Nous avons continué jusqu’à ce que nous entrions dans un tunnel naturel qui ouvrait peut-être dans les rochers imposants une rivière perdue, ou un frémissement de la planète qui avait installé dans les hauteurs cet ouvrage, ce canal rocheux de pierre taillée, de granit, dans lequel nous sommes entrés. Après quelques pas, les chevaux glissaient, ils essayaient de prendre pied sur les pentes de pierre, leurs jambes pliaient, des étincelles explosaient dans les fers à cheval : plus d’une fois je me suis retrouvé projeté à bas de mon cheval et retrouvé étendu sur les rochers. Ma monture saignait du naseau et des pattes, mais nous avons continué, obstinément, sur cette route vaste, splendide et difficile.
Quelque chose nous attendait au milieu de cette forêt sauvage. Soudain, comme une vision singulière, nous sommes arrivés à une petite prairie soignée, nichée dans le giron des montagnes : eau claire, prairie verte, fleurs sauvages, murmure des rivières et le ciel bleu au-dessus, lumière généreuse non interrompue par un quelconque feuillage.
Nous étions là comme dans un cercle magique, comme des invités dans une enceinte sacrée, et la cérémonie à laquelle j’ai participé était encore plus sacrée. Les vaqueros sont descendus de leurs chevaux. Au centre de l’enceinte était placé, comme pour un rituel, un crâne de bœuf. Mes compagnons se sont approchés silencieusement, un par un, pour laisser quelques pièces et de la nourriture dans les trous d’os. Je me suis joint à eux dans cette offrande destinée aux Ulysse égarés, aux fugitifs de tout poil qui trouveraient pain et secours dans les orbites du taureau mort.
Mais la cérémonie inoubliable ne s’est pas arrêtée là. Mes rustiques amis otèrent leurs chapeaux et entamèrent une danse étrange, sautillant sur un pied autour du crâne abandonné, reformant la trace circulaire laissée par tant de danses d’autres qui auparavant avaient agi ainsi. Je compris alors vaguement, à côté de mes compagnons impénétrables, cette communication d’étranger à étranger, une demande, une requête et une réponse même dans les solitudes les plus lointaines et les plus reculées de ce monde.

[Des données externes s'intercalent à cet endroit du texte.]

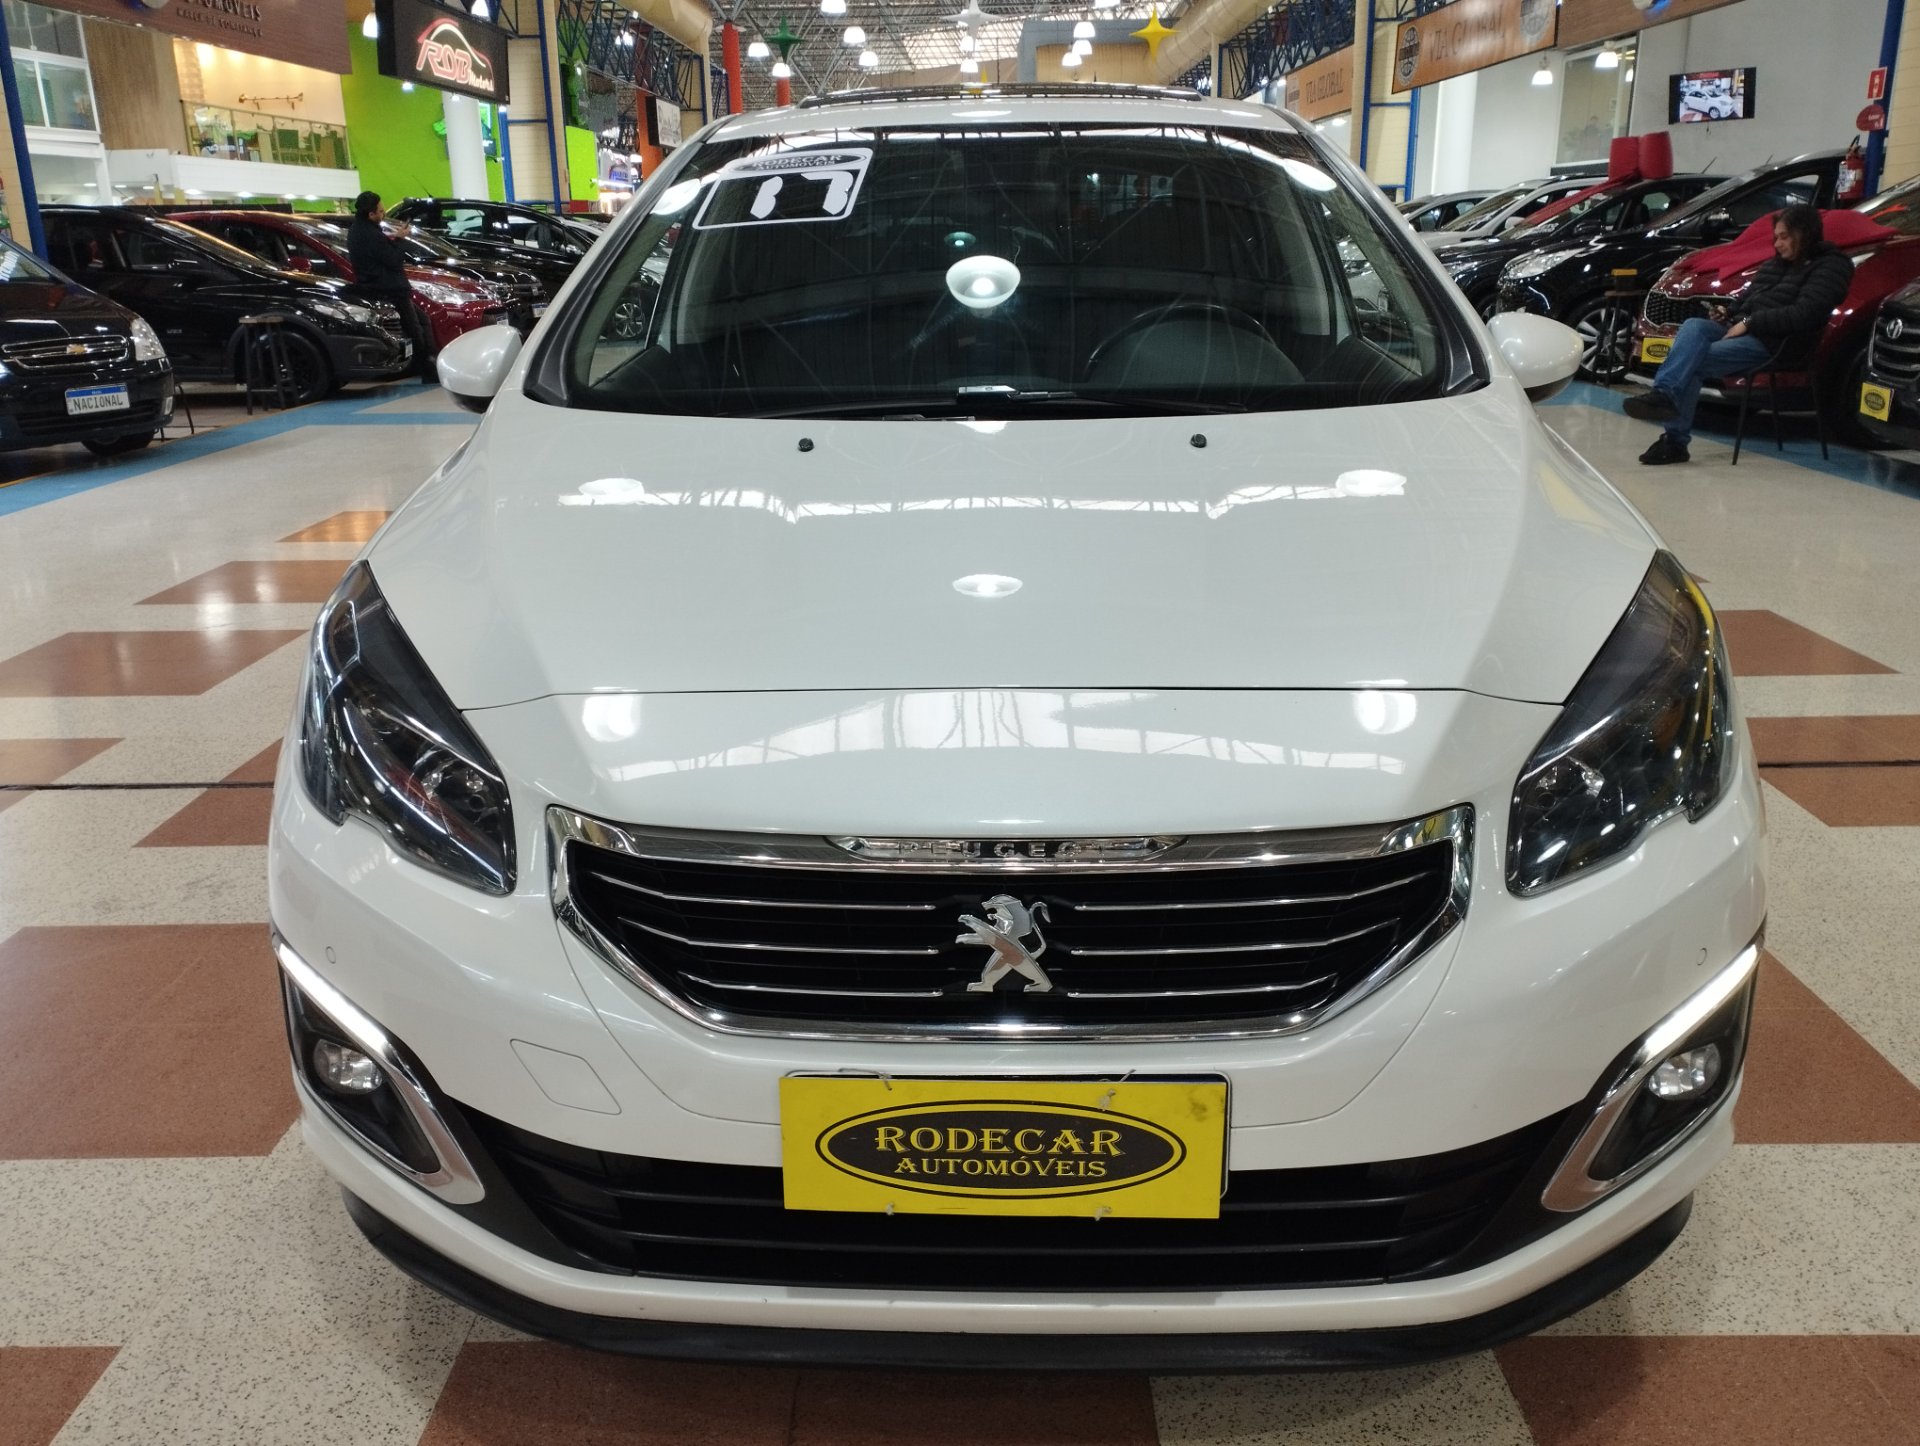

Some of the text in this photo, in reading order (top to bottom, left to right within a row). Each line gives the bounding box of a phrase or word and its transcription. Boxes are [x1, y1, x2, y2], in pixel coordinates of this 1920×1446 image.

Plus loin, déjà sur le point de franchir les frontières qui m’éloigneraient pour de nombreuses années de ma patrie, nous sommes arrivés de nuit aux dernières gorges de la montagne. Soudain, nous avons vu une lumière allumée, signe certain d’une habitation humaine et, en nous approchant, nous avons trouvé quelques bâtiments branlants, des hangars délabrés, apparemment vides. Nous sommes entrés dans l’un d’eux et avons vu, à la lueur du feu, de grandes bûches brûler au centre de la pièce, les corps d’arbres géants qui y brûlaient jour et nuit, et laissaient échapper par les fentes du toit une fumée qui se promenait dans l’obscurité comme un voile d’un bleu profond. Nous avons vu des tas de fromages empilés par ceux qui les avaient fait cailler à cette hauteur. Près du feu, entassés comme des sacs, gisaient quelques hommes. Nous avons distingué dans le silence les cordes d’une guitare et les paroles d’une chanson qui, surgissant des braises et de l’obscurité, nous apportait la première voix humaine que nous avions rencontrée sur la route. C’était une chanson d’amour et de lointains, une complainte d’amour et de nostalgie dirigée vers la source lointaine, vers les villes d’où nous venions, vers l’étendue infinie de la vie. Ils ne savaient pas qui nous étions, ils ne savaient rien du fugitif, ils ne connaissaient pas ma poésie ni mon nom. Ou alors le savaient-ils, nous connaissaient-ils? En réalité, près de ce feu, nous avons chanté et mangé, puis nous avons marché dans l’obscurité vers des endroits sommaires. À travers lesquel passait un ruisseau thermal, une eau volcanique dans laquelle nous avons plongé, une chaleur qui se déversait des cordillères et qui nous prenait en son sein.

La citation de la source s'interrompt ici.